__WORK ORDER__:
Every record gets copied exactly, and no picture goes with it.

== == ==

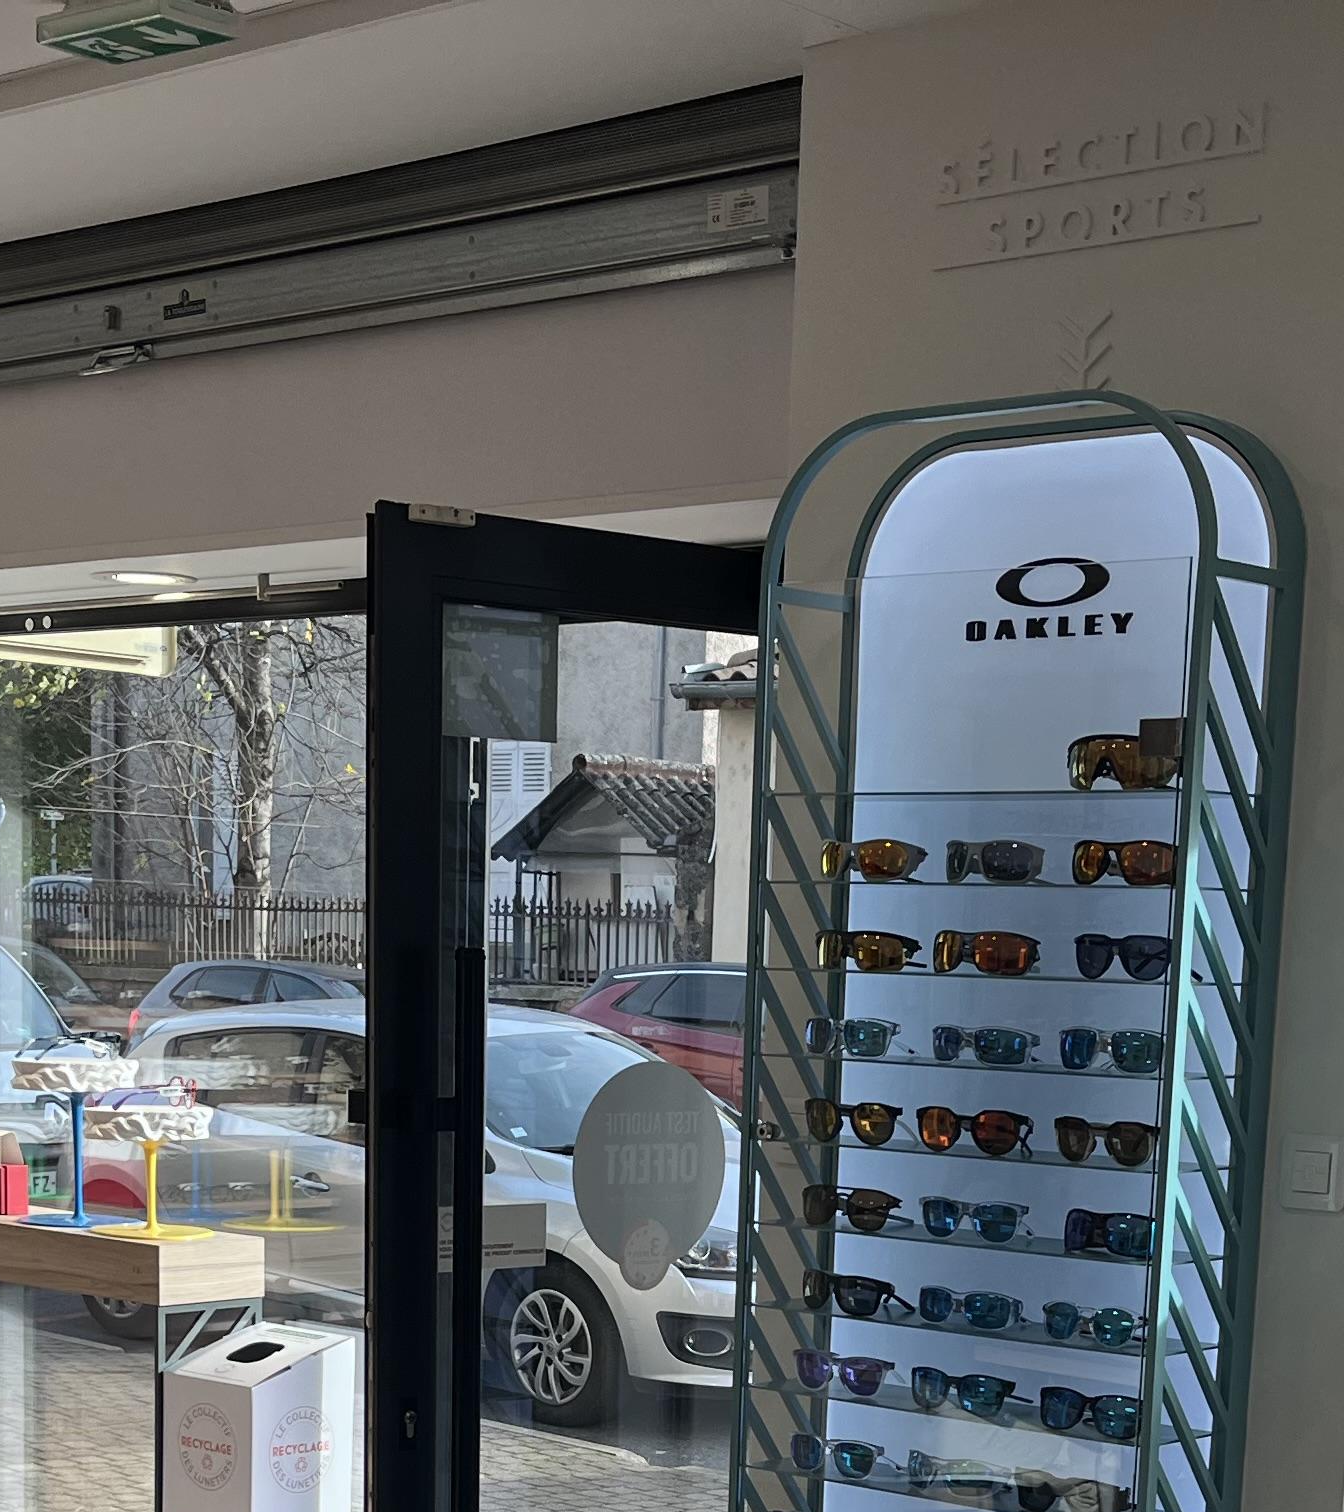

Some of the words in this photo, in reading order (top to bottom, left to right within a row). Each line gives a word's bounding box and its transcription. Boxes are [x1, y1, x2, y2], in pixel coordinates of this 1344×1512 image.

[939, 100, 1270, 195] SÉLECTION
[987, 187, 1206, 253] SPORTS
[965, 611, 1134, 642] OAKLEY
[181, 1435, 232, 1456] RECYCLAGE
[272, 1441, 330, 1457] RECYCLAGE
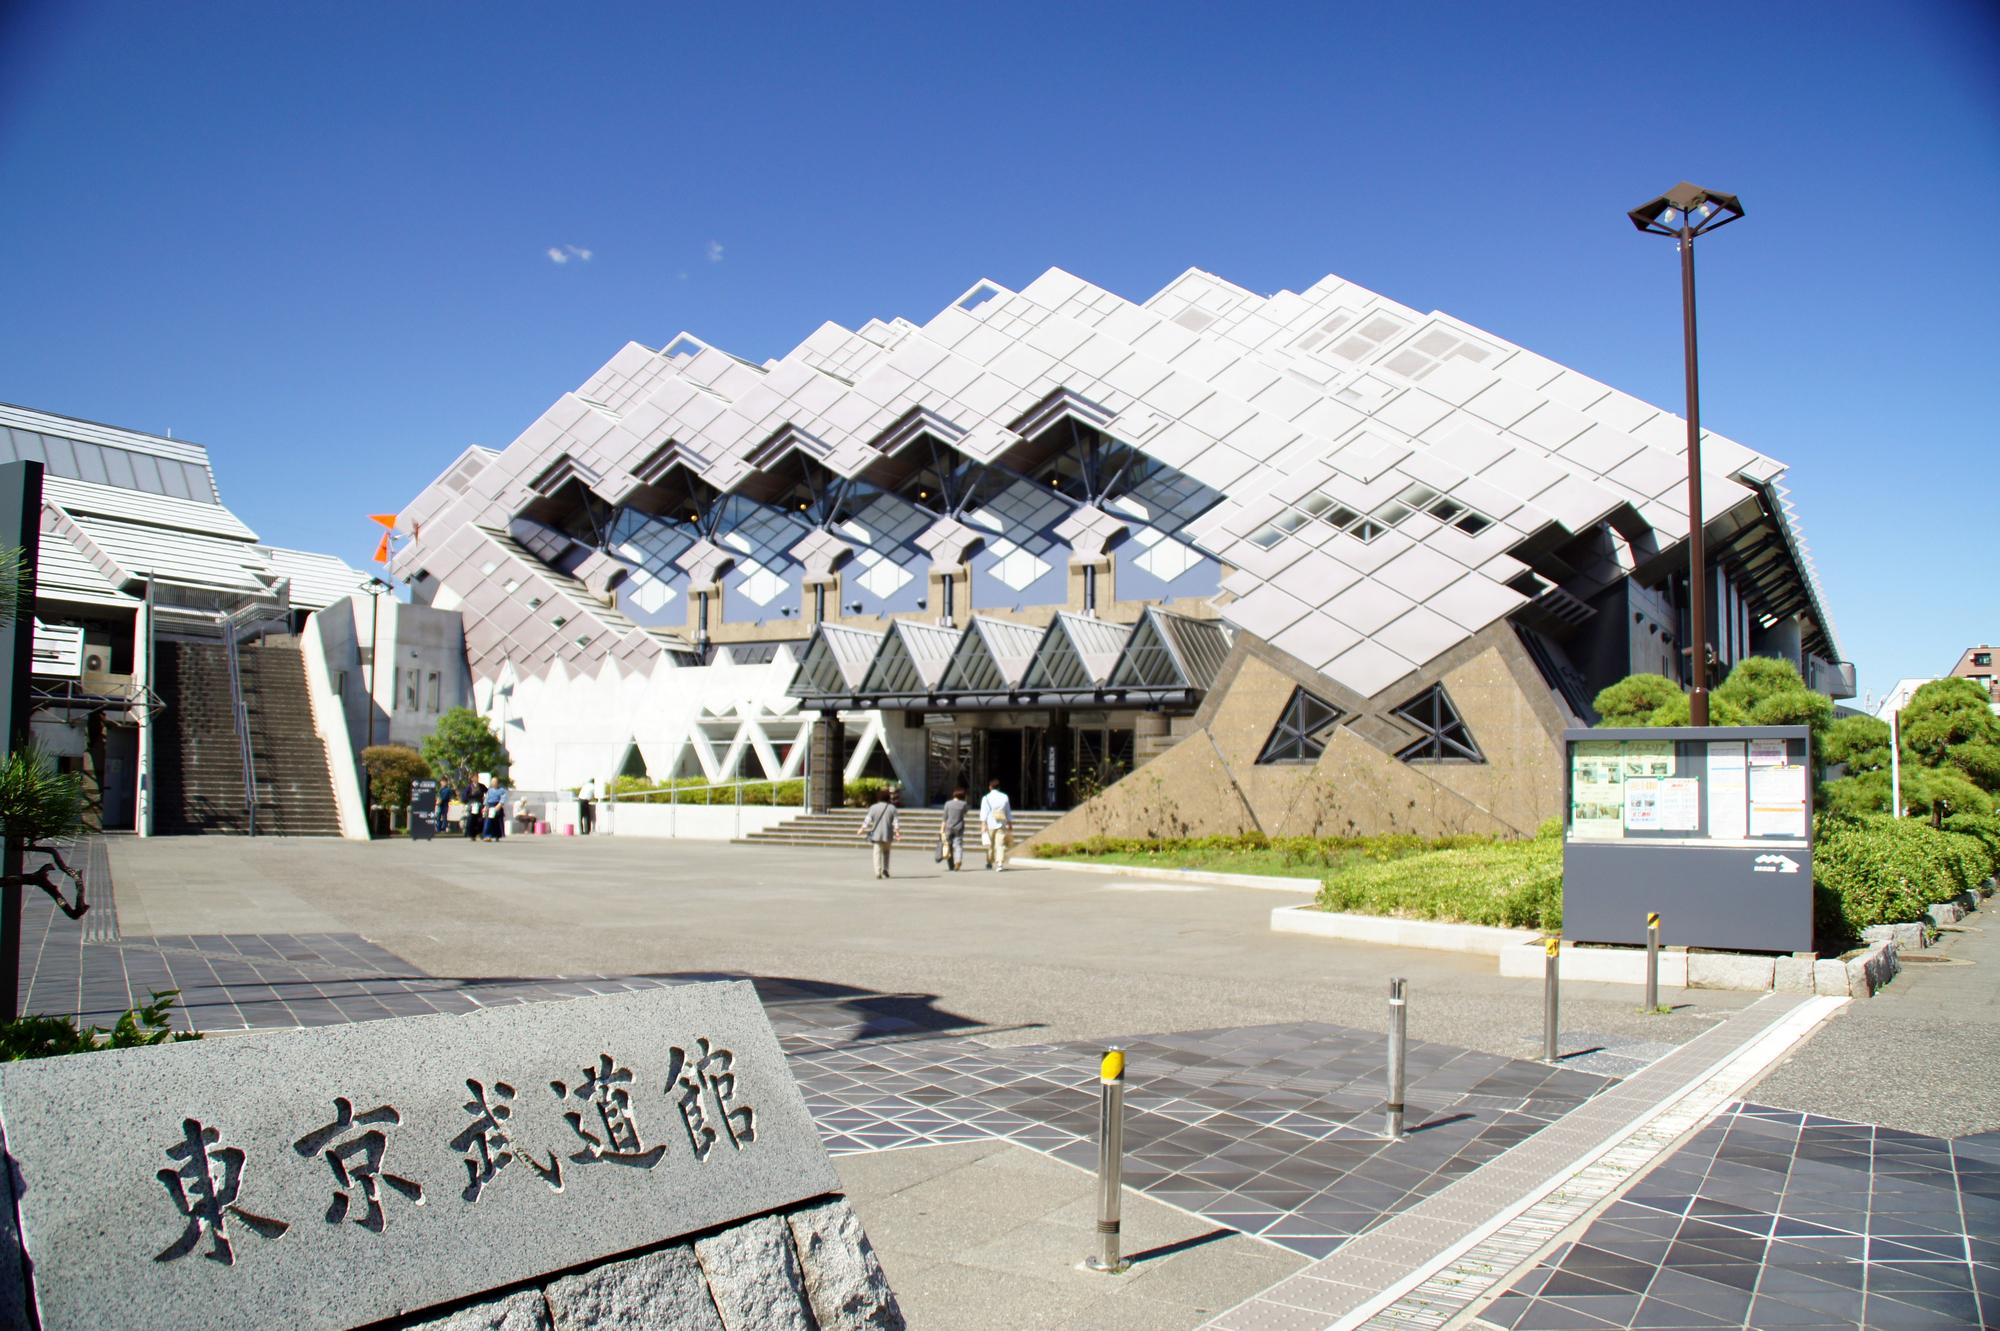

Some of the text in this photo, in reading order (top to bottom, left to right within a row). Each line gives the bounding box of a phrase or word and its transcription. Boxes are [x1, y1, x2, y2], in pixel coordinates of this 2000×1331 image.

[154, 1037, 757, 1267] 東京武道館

== == ==

__ANSWER SECTION__:
Some of the words in this photo, in reading order (top to bottom, left to right within a row). Each line gives a word's bounding box and its transcription. Boxes are [x1, y1, x2, y2], in pixel coordinates of this 1344×1512 image.

[939, 100, 1270, 195] SÉLECTION
[987, 187, 1206, 253] SPORTS
[965, 611, 1134, 642] OAKLEY
[181, 1435, 232, 1456] RECYCLAGE
[272, 1441, 330, 1457] RECYCLAGE

Some of the text in this photo, in reading order (top to bottom, left to right within a row). Each line gives the bounding box of a phrase or word and its transcription. Boxes are [x1, y1, x2, y2], in pixel coordinates of this 2000×1331 image.

[154, 1037, 757, 1267] 東京武道館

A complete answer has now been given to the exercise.